▶ [Exercise aim] Would you reproduce every record exactly, leaving out the pictures?

▶ [Data for processing]
===

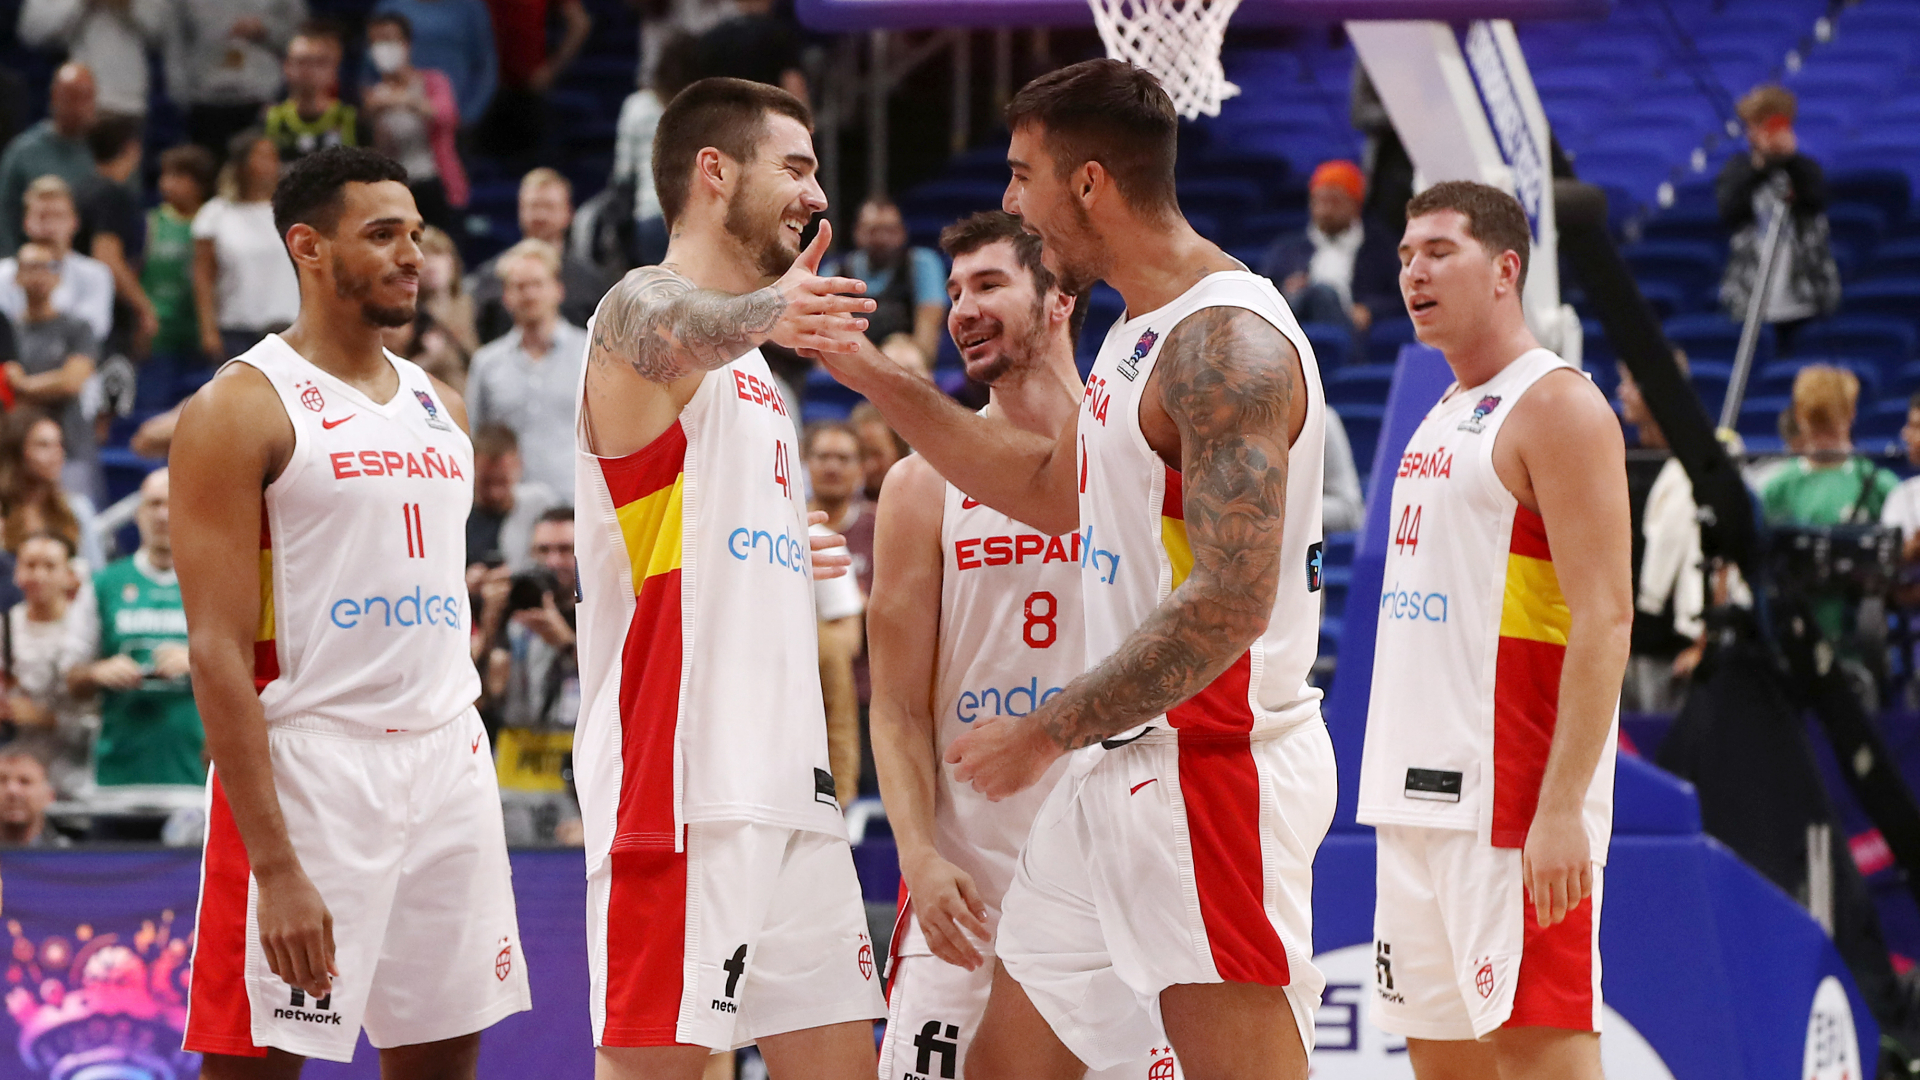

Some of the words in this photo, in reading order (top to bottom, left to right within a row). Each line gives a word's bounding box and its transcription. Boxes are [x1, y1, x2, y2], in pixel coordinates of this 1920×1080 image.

[330, 447, 465, 480] ESPAÑA
[774, 439, 792, 500] 41
[1396, 446, 1453, 479] SPAÑA
[403, 503, 425, 558] 11
[1396, 505, 1422, 556] 44
[330, 585, 461, 630] endes
[1023, 591, 1057, 648] 8
[274, 1008, 342, 1025] network
[913, 1020, 960, 1080] fi

===

▶ [Your solution]
Some of the words in this photo, in reading order (top to bottom, left to right within a row). Each line gives a word's bounding box and its transcription. Boxes are [x1, y1, x2, y2], in pixel coordinates of this 1920×1080 image.

[330, 447, 465, 480] ESPAÑA
[774, 439, 792, 500] 41
[1396, 446, 1453, 479] SPAÑA
[403, 503, 425, 558] 11
[1396, 505, 1422, 556] 44
[330, 585, 461, 630] endes
[1023, 591, 1057, 648] 8
[274, 1008, 342, 1025] network
[913, 1020, 960, 1080] fi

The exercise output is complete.